§ ENTRIES SUPPLIED
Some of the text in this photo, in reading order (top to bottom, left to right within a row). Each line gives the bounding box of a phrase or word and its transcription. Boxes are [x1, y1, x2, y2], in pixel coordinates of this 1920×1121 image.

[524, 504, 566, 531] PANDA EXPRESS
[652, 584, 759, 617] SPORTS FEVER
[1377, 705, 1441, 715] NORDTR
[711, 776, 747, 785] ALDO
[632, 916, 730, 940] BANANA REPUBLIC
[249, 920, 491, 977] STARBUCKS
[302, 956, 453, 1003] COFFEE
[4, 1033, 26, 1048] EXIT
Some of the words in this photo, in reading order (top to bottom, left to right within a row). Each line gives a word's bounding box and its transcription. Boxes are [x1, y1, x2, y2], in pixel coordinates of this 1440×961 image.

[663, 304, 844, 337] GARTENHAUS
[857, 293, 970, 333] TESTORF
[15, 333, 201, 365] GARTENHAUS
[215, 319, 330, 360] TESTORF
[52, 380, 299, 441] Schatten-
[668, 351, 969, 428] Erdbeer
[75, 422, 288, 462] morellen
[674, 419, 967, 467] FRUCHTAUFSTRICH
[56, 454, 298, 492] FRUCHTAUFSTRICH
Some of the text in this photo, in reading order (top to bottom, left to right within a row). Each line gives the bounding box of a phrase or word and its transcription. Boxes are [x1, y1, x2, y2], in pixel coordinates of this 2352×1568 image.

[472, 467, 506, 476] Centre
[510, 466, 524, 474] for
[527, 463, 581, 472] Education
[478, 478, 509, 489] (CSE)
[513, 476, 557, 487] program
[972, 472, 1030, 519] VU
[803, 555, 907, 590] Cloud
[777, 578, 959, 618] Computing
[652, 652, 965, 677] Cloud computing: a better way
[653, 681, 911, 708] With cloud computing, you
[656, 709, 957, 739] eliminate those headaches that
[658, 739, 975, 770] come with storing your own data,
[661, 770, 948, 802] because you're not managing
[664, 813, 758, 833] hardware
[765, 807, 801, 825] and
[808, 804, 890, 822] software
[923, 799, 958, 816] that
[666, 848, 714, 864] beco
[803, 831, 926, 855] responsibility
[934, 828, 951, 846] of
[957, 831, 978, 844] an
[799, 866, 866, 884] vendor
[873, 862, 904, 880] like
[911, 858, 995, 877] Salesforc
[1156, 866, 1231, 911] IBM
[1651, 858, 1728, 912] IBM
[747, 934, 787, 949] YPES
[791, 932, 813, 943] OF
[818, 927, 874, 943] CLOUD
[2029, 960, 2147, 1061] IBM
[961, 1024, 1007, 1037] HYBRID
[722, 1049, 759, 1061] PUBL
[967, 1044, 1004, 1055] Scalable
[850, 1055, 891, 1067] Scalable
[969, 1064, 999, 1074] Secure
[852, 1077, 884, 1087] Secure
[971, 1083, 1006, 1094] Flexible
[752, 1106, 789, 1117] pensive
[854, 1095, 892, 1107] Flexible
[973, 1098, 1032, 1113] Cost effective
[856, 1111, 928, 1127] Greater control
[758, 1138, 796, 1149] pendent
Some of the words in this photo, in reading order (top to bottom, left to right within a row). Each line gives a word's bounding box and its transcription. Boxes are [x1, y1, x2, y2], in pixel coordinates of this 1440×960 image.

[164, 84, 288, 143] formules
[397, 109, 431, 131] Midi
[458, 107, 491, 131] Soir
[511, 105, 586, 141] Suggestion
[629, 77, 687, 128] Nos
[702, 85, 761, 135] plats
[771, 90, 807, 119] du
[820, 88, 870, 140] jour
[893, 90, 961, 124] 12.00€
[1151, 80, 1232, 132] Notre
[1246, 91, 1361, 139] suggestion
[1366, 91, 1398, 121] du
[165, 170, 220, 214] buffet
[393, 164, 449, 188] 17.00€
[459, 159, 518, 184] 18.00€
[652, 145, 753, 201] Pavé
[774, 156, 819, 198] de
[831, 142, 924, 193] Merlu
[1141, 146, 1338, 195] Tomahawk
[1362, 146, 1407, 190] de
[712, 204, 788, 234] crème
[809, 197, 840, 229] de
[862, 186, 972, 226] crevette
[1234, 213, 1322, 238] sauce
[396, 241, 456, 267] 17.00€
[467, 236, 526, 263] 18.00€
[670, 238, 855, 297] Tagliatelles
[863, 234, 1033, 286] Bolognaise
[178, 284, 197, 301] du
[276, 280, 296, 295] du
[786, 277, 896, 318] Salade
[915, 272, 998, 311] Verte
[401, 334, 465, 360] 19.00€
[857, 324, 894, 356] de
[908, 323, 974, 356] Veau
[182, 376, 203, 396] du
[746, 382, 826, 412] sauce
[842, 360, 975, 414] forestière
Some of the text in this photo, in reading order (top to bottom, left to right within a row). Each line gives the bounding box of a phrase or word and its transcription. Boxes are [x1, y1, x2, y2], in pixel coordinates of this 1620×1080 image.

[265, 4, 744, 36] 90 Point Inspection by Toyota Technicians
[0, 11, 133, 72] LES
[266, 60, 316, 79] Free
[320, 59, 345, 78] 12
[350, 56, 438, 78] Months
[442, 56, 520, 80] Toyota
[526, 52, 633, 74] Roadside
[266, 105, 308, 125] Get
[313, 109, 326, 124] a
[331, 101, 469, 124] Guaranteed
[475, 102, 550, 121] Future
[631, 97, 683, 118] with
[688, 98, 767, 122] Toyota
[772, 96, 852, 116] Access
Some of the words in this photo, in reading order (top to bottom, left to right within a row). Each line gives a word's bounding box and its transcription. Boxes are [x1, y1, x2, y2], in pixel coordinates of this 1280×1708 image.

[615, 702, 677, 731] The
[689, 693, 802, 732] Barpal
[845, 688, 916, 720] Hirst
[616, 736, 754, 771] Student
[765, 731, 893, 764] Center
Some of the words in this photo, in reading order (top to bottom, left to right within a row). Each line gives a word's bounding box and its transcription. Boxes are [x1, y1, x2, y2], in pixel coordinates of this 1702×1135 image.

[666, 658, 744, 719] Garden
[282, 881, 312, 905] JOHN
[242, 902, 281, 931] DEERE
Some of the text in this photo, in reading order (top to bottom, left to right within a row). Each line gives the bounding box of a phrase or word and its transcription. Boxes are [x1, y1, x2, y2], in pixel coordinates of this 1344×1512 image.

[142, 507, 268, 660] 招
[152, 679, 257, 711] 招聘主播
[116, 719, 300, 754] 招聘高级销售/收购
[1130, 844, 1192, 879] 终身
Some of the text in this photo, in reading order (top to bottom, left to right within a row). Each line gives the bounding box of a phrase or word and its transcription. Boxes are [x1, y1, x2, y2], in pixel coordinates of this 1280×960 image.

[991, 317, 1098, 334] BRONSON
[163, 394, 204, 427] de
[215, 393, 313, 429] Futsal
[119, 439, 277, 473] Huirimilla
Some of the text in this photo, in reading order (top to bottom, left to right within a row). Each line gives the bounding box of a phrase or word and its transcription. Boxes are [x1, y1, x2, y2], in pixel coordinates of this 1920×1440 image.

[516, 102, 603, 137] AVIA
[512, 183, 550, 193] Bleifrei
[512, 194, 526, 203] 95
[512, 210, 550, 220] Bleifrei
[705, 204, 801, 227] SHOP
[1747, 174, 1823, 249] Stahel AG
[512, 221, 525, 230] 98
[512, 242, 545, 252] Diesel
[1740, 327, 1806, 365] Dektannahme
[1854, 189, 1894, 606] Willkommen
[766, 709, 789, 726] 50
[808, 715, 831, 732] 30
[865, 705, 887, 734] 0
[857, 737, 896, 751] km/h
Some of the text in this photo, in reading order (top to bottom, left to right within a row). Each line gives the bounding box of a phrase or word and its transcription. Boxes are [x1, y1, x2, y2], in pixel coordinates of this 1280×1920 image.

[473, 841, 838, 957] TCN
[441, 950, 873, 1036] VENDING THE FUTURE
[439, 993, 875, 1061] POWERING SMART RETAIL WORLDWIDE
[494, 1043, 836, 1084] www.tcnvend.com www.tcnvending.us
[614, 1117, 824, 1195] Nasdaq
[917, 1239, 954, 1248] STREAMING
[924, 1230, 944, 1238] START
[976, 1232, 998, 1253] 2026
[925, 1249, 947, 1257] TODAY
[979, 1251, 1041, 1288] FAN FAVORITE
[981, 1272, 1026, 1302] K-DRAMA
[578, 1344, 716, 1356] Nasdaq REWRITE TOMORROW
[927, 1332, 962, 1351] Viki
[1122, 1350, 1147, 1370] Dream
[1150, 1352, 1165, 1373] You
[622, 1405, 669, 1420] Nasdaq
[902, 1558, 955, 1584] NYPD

§ ASSIGNED TASK
Would you reproduce, word for word, the lines from the one holding "this 1280×1920 image." through the final line of the entries, both included?

§ COMPLETED EXERCISE
Some of the text in this photo, in reading order (top to bottom, left to right within a row). Each line gives the bounding box of a phrase or word and its transcription. Boxes are [x1, y1, x2, y2], in pixel coordinates of this 1280×1920 image.

[473, 841, 838, 957] TCN
[441, 950, 873, 1036] VENDING THE FUTURE
[439, 993, 875, 1061] POWERING SMART RETAIL WORLDWIDE
[494, 1043, 836, 1084] www.tcnvend.com www.tcnvending.us
[614, 1117, 824, 1195] Nasdaq
[917, 1239, 954, 1248] STREAMING
[924, 1230, 944, 1238] START
[976, 1232, 998, 1253] 2026
[925, 1249, 947, 1257] TODAY
[979, 1251, 1041, 1288] FAN FAVORITE
[981, 1272, 1026, 1302] K-DRAMA
[578, 1344, 716, 1356] Nasdaq REWRITE TOMORROW
[927, 1332, 962, 1351] Viki
[1122, 1350, 1147, 1370] Dream
[1150, 1352, 1165, 1373] You
[622, 1405, 669, 1420] Nasdaq
[902, 1558, 955, 1584] NYPD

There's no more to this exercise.